Kodaira and Fukumoto's methods have the advantages of ensuring longer and thicker pedicles, but are limited in the distal HT area. They can also result in scars that are perpendicular to the distal HT crease leading to scar contractures. In addition, superficial veins in the distal HT area are thinner than those in the proximal area. Yamamoto et al's methods are advantageous for harvesting larger flaps, but require additional transposition flaps to achieve donor site closure. The donor site scar of the transposition flap will be formed longitudinally on the margin of the HT area, which can potentially become a painful scar.[9] In addition, because superficial vein on the palm side usually thinner than the dorsal side, including the dorsal side vein (HT branch of basilic vein), was better than Yamamoto et al's flap design that was mainly positioned on the palmar side.

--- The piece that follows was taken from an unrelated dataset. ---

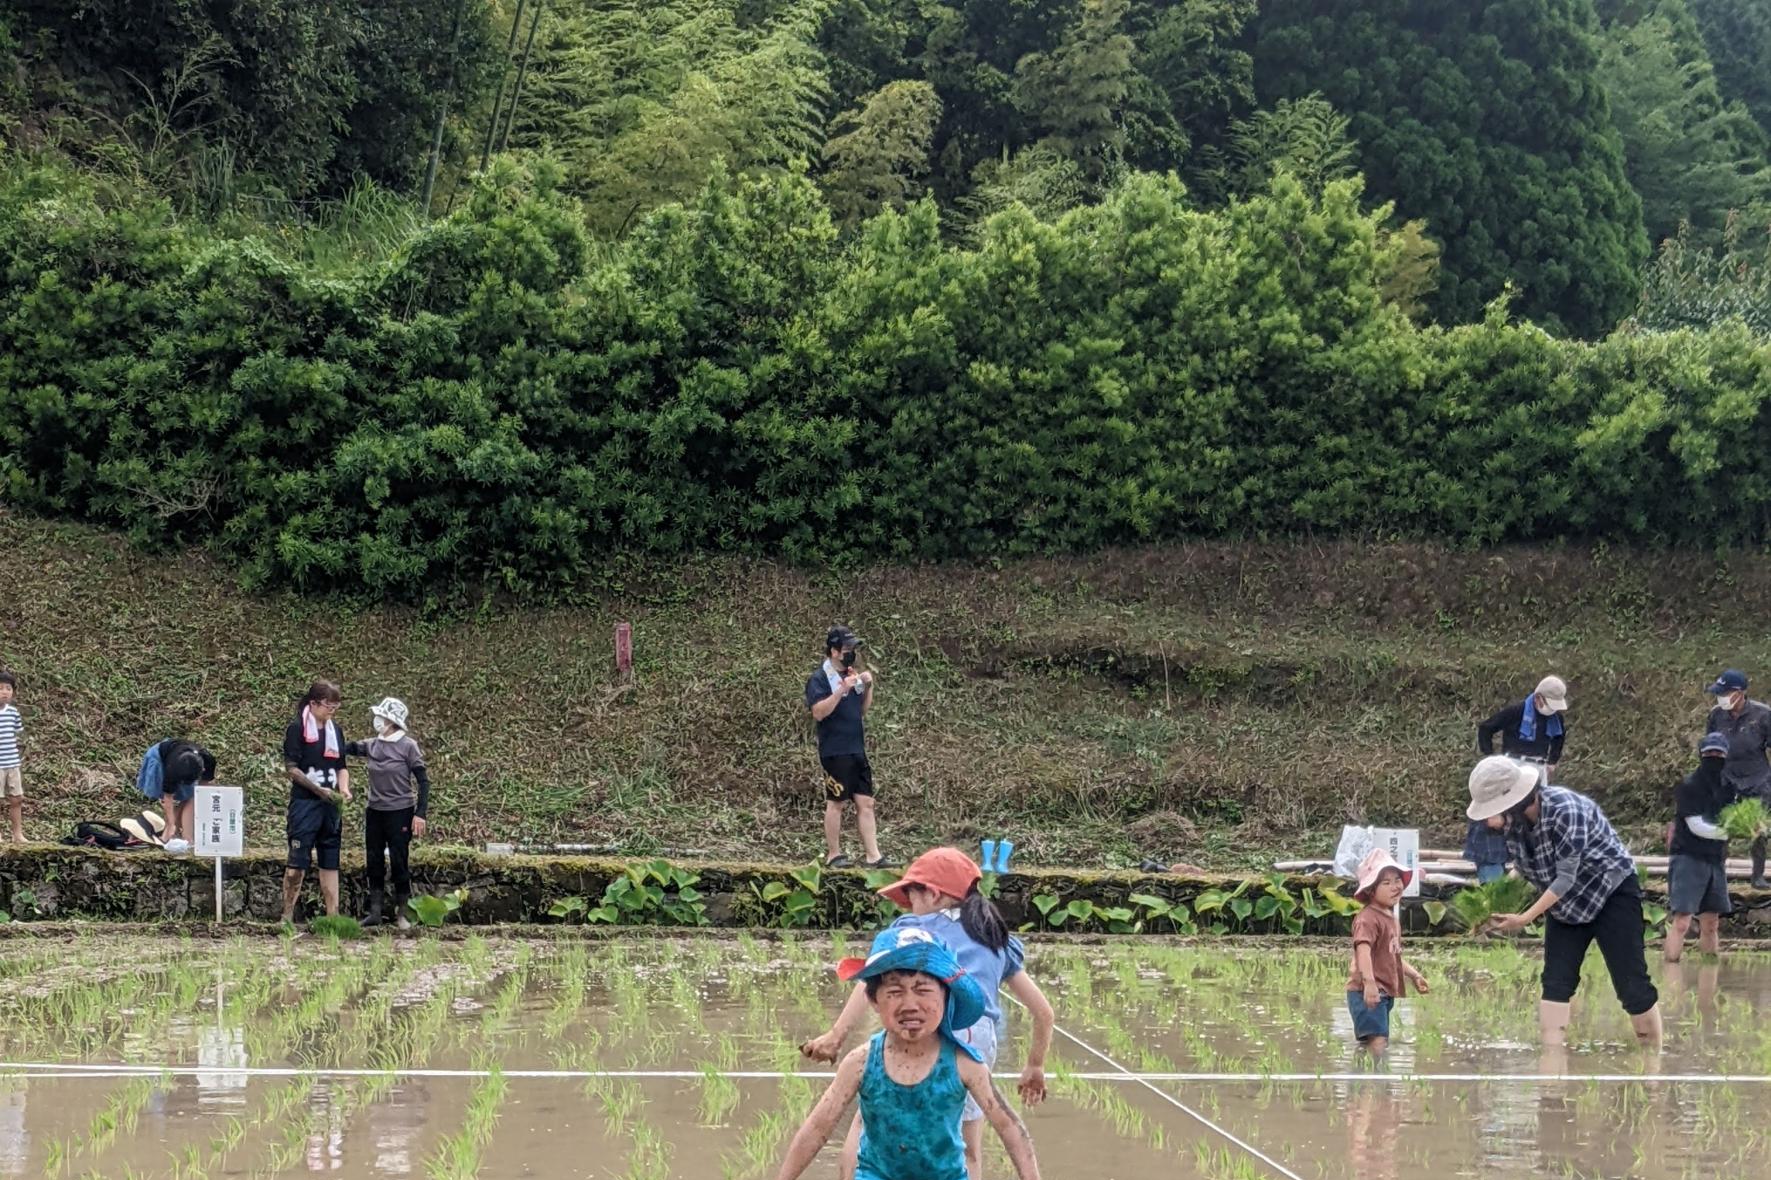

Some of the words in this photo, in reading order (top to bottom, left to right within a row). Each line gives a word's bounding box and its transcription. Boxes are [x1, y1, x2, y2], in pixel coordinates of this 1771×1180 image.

[211, 795, 221, 812] 宮元
[211, 818, 223, 842] ご家族

We agree with Kodaira and Fukumoto's study, wherein they included a perforator with UDA and superficial vein, and Yamamoto et al's study, wherein the necessity of a larger flap was suggested. In our study, we incorporated both these while eliminating the disadvantages. At the last follow-up of the patients in our study, the surgical outcome score by patients was fine. It showed that the long-term operative result was fine either functionally and aesthetically. With our design, we can easily harvest a larger flap, with a thick and long pedicle with minimal donor site morbidity. HTFF can be considered as the ideal flap choice to cover almost all palmar digit defects. [Fig. 8] shows our HTFF design considering the perforator, vein position, and donor site morbidity. This study is meaningful in that some tips with the new concept may aid in HTFF design by demonstrating the use of landmarks on the palmar side of the hand.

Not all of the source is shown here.